Oh yes definitely. But I think this is true of most of the art I love. What’s there is precisely what needs to be there. What’s left out, in between the spaces, is up to me to ponder.

I appreciate the way you are connected with your community. Tell us a little bit about your quilting projects.

For the past twelve years I have been making community quilts with a bunch of wonderful people in Norwalk, CT, where I lived when I started the project in 2008. (Now I live a couple of towns over in Bridgeport.) We are an intergenerational group of senior citizens, adults, and kids (elementary school to high school). We meet in the community room of public housing complex for seniors, and almost every Friday after school till dinner time, we roll sewing machines, cutting mats, boxes of unfinished projects, snacks and a quilting frame out of a tiny closet and set to work. We make quilted objects for personal use and as teaching samplers, and simply as an excuse to get together and have fun.

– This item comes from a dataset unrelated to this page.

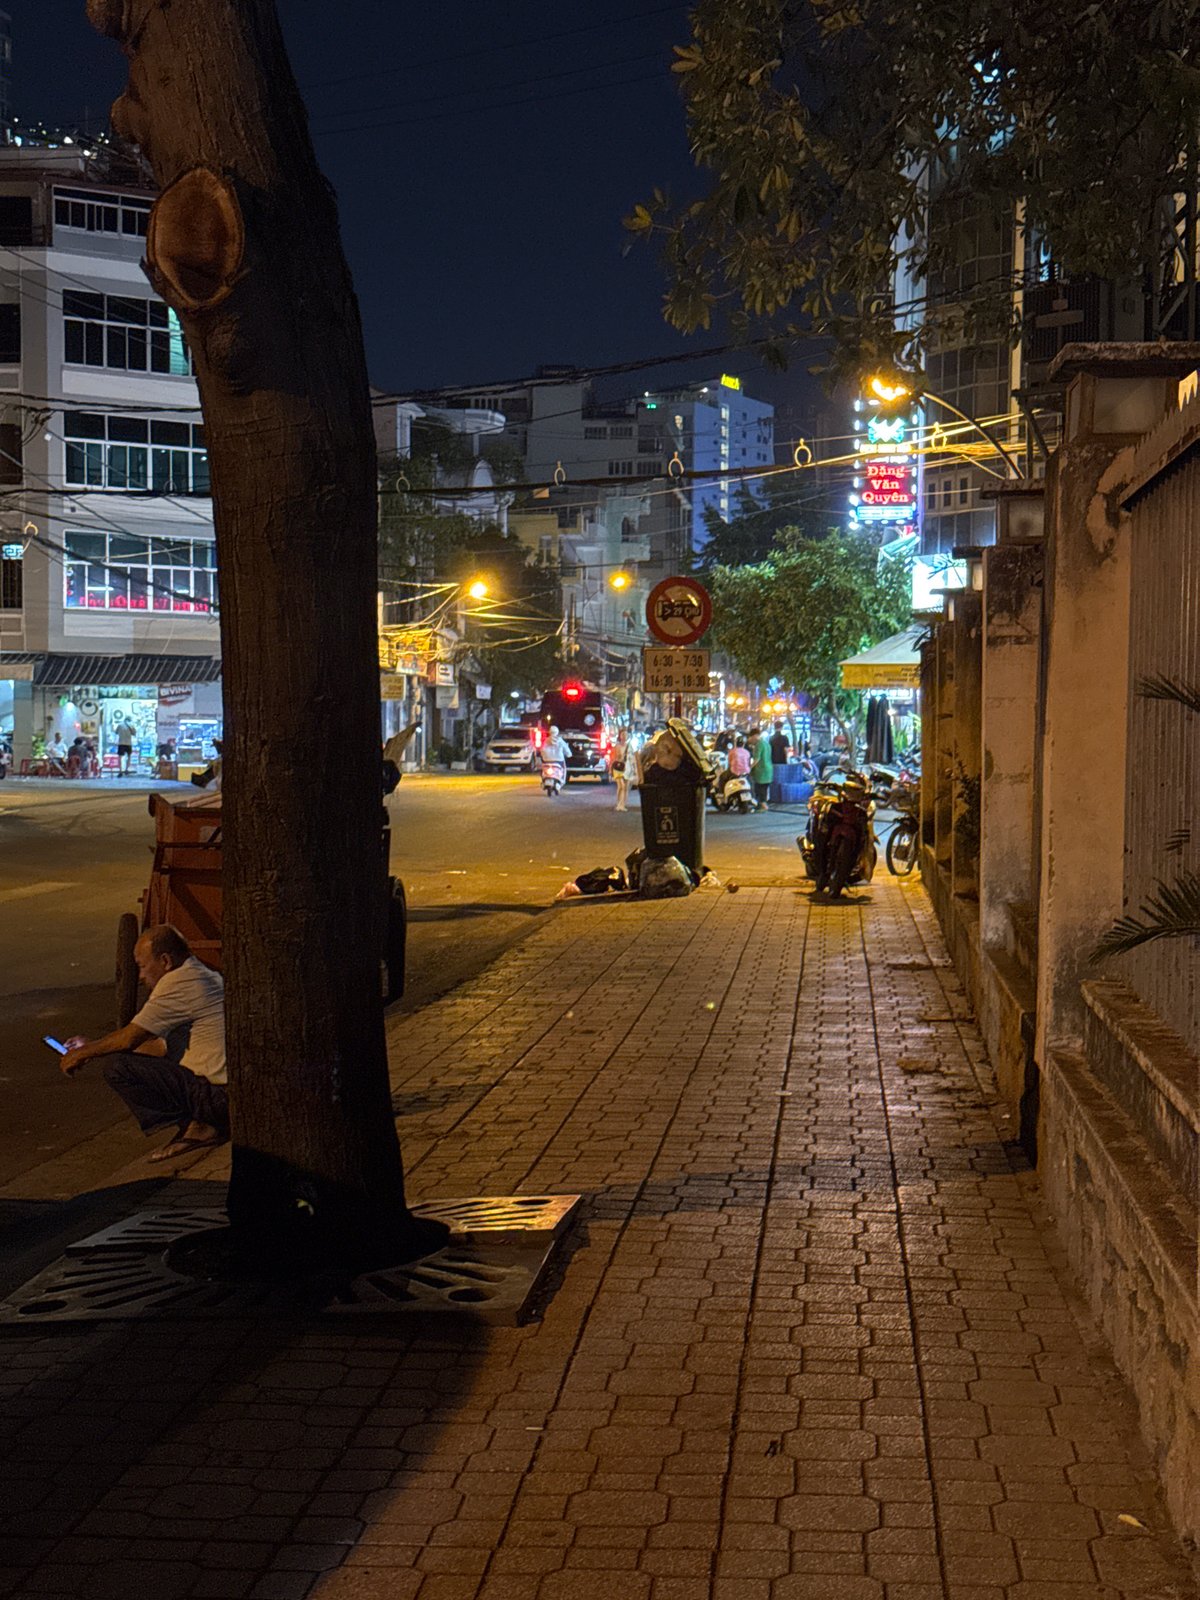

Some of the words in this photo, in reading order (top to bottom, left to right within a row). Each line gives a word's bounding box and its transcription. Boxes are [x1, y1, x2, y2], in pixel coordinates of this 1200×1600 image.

We have also made seven, to date, quilts that hang in public places. For these installation quilts, I design them on a theme, with areas of the quilt which will showcase fabric art made by a variety of individuals. Once on the quilting frame we sit around and hand quilt them at our meetings, and they go on tour for pop-up quilting bees in public places like schools, libraries, and festivals. I have two public quilts in the sketch stage right now which will be unveiled in the fall (yikes!). We are a big family. We are called Peace by Piece: The Norwalk Community Quilt Project.

Any new books coming out in 2020?

The All-Together Quilt is being published by Alfred A. Knopf in October 2020. A labor of love all about a labor of love.

Fun fact: Lizzy is the extremely proud daughter of Anne Rockwell, author of more than 100 titles and a pioneer in nonfiction for very young children. Anne passed away in 2018. Lizzy Rockwell lives in Bridgeport, CT, and can be found on the web at lizzyrockwell.com. She’s kind of my hero.